:: RECORD EXTRACTS ::
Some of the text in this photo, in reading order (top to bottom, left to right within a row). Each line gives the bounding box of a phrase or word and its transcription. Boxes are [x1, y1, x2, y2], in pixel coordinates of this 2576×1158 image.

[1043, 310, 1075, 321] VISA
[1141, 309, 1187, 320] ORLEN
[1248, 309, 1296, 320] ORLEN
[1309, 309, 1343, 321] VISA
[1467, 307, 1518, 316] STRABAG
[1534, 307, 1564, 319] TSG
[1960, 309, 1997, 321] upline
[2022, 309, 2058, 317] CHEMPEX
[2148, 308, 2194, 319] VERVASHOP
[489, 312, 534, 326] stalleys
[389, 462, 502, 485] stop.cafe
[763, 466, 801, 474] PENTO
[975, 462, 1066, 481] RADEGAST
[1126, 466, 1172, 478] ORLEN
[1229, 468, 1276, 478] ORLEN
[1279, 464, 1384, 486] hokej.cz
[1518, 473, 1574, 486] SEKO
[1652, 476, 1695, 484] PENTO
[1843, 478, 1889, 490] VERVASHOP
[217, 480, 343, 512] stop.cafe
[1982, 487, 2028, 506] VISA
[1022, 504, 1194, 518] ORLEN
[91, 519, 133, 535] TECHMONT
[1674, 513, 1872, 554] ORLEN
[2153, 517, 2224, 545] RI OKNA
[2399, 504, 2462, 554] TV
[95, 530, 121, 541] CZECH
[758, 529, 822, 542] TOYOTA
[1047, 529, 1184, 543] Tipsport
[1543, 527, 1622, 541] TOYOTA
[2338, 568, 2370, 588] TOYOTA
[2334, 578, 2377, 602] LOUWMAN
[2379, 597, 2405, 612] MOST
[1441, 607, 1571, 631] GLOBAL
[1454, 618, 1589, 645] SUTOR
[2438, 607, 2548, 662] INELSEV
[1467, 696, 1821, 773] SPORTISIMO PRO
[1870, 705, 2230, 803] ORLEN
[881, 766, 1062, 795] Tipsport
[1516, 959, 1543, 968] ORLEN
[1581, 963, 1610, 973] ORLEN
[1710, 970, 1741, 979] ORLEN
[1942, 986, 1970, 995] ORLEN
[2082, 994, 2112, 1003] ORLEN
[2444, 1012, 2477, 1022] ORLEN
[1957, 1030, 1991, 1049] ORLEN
:::
- [YOUR ASSIGNMENT]
Show a copy of each line from the records above in which the string "TOYOTA" occurs.

- [COMPLETED TASK]
[758, 529, 822, 542] TOYOTA
[1543, 527, 1622, 541] TOYOTA
[2338, 568, 2370, 588] TOYOTA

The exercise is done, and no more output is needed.